Aim of the exercise: Every entry below should be repeated exactly; the pictures should not.

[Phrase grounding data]
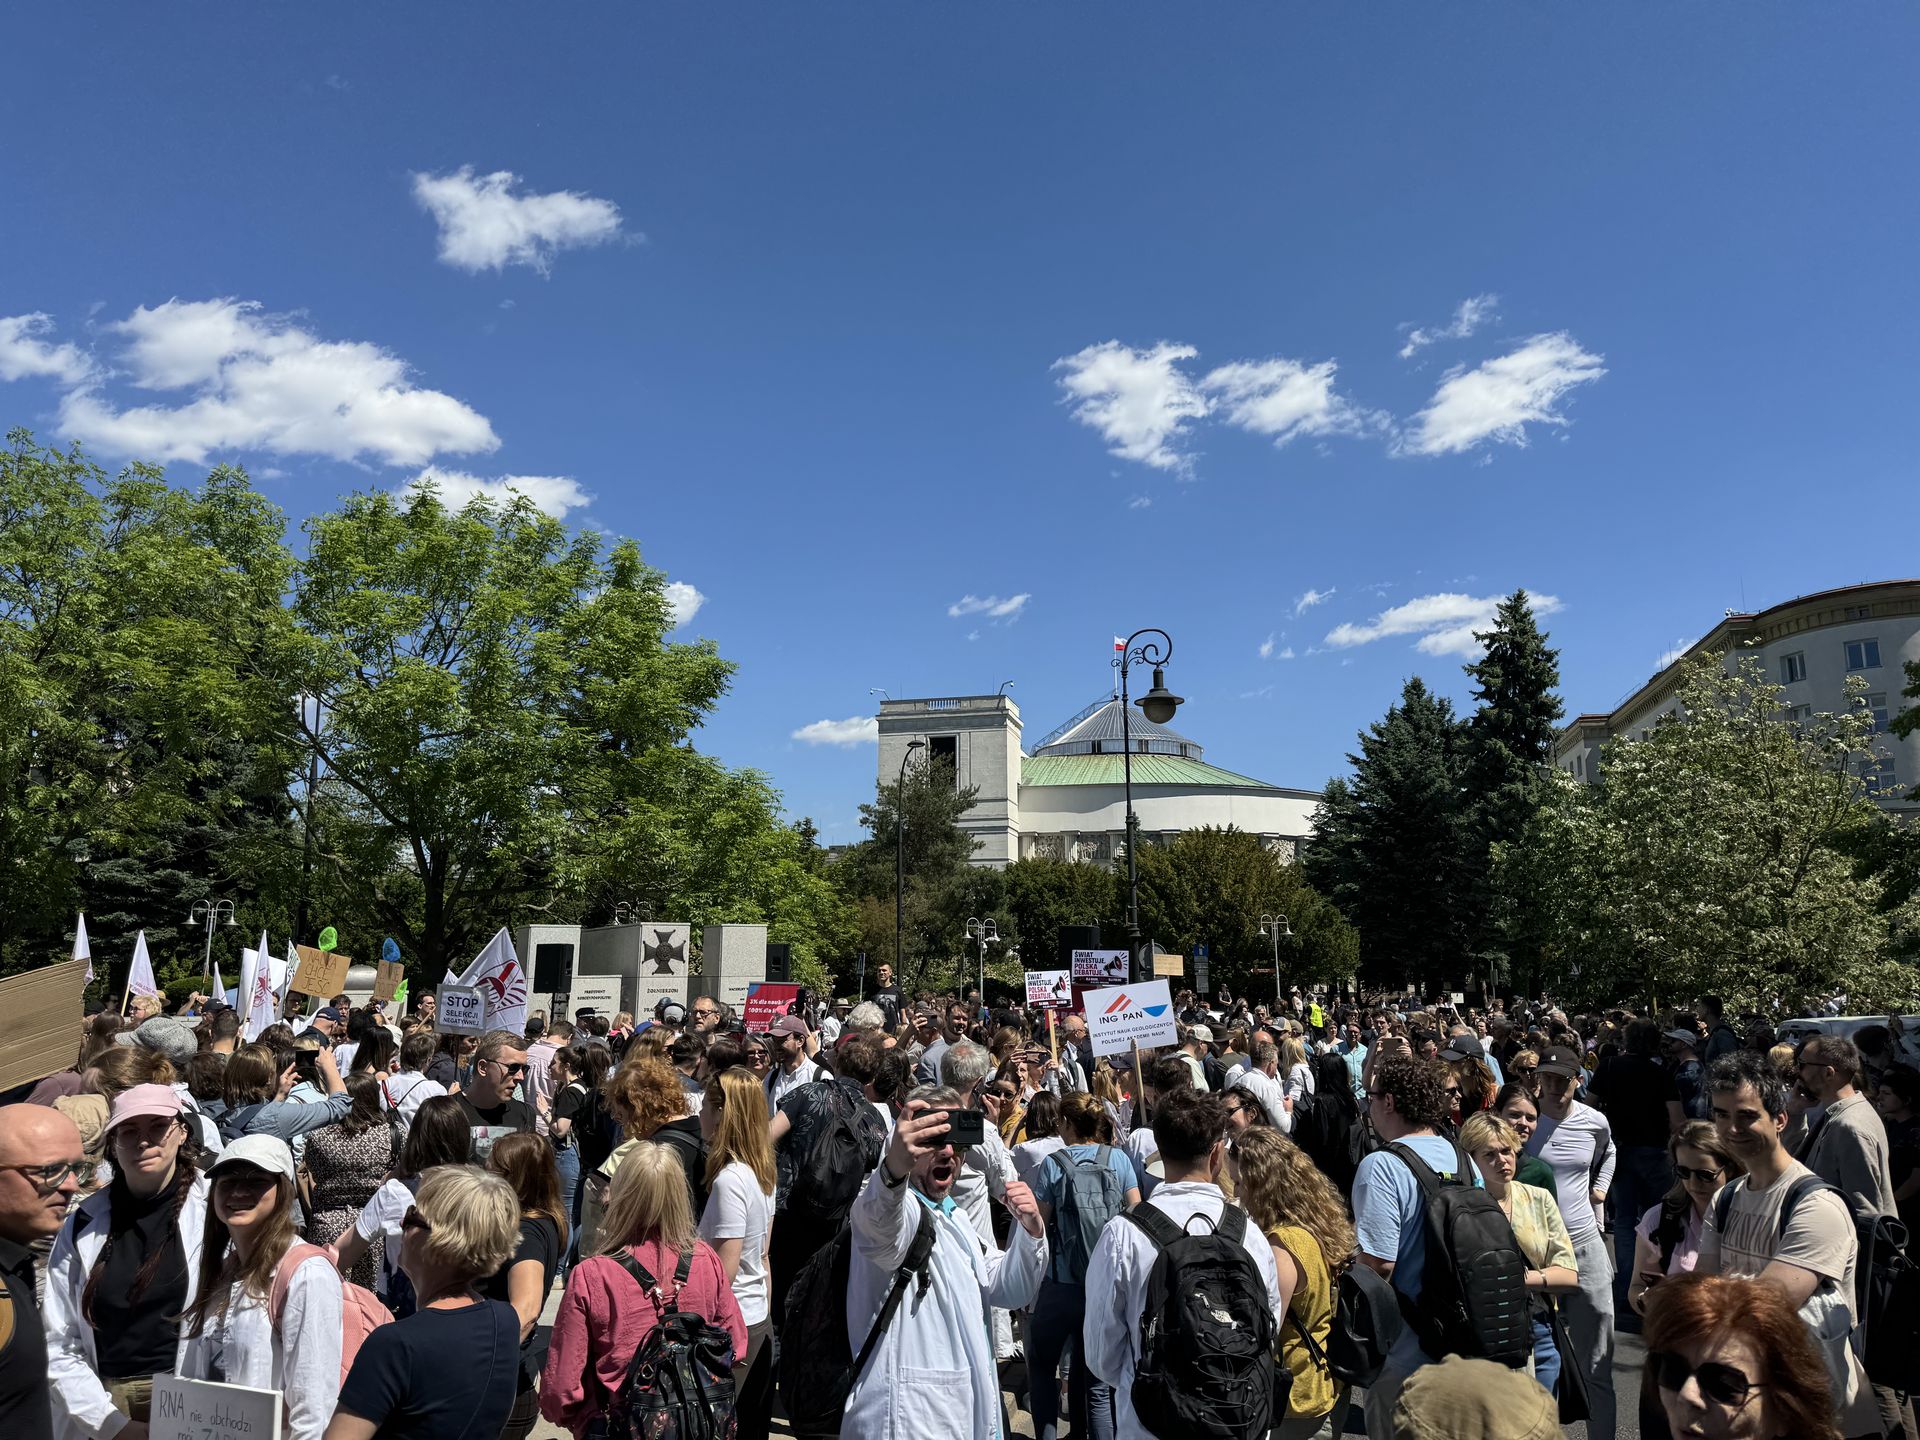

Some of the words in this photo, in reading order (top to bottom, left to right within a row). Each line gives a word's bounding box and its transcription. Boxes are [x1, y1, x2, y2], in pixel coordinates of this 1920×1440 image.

[1028, 985, 1047, 993] POLSKA
[447, 996, 479, 1008] STOP
[446, 1010, 479, 1019] SELEKCJI
[1099, 1015, 1118, 1024] ING
[1122, 1011, 1143, 1020] PAN
[443, 1017, 480, 1026] NEGATYWNEJ
[1092, 1030, 1116, 1038] INSTYTUT
[1131, 1022, 1174, 1032] GEOLOGICZNYCH
[1101, 1037, 1125, 1045] POLSKIEJ
[159, 1389, 185, 1420] RNA
[190, 1408, 202, 1423] nie
[210, 1402, 252, 1433] obchodzi

Task output:
Some of the words in this photo, in reading order (top to bottom, left to right within a row). Each line gives a word's bounding box and its transcription. Boxes are [x1, y1, x2, y2], in pixel coordinates of this 1920×1440 image.

[1028, 985, 1047, 993] POLSKA
[447, 996, 479, 1008] STOP
[446, 1010, 479, 1019] SELEKCJI
[1099, 1015, 1118, 1024] ING
[1122, 1011, 1143, 1020] PAN
[443, 1017, 480, 1026] NEGATYWNEJ
[1092, 1030, 1116, 1038] INSTYTUT
[1131, 1022, 1174, 1032] GEOLOGICZNYCH
[1101, 1037, 1125, 1045] POLSKIEJ
[159, 1389, 185, 1420] RNA
[190, 1408, 202, 1423] nie
[210, 1402, 252, 1433] obchodzi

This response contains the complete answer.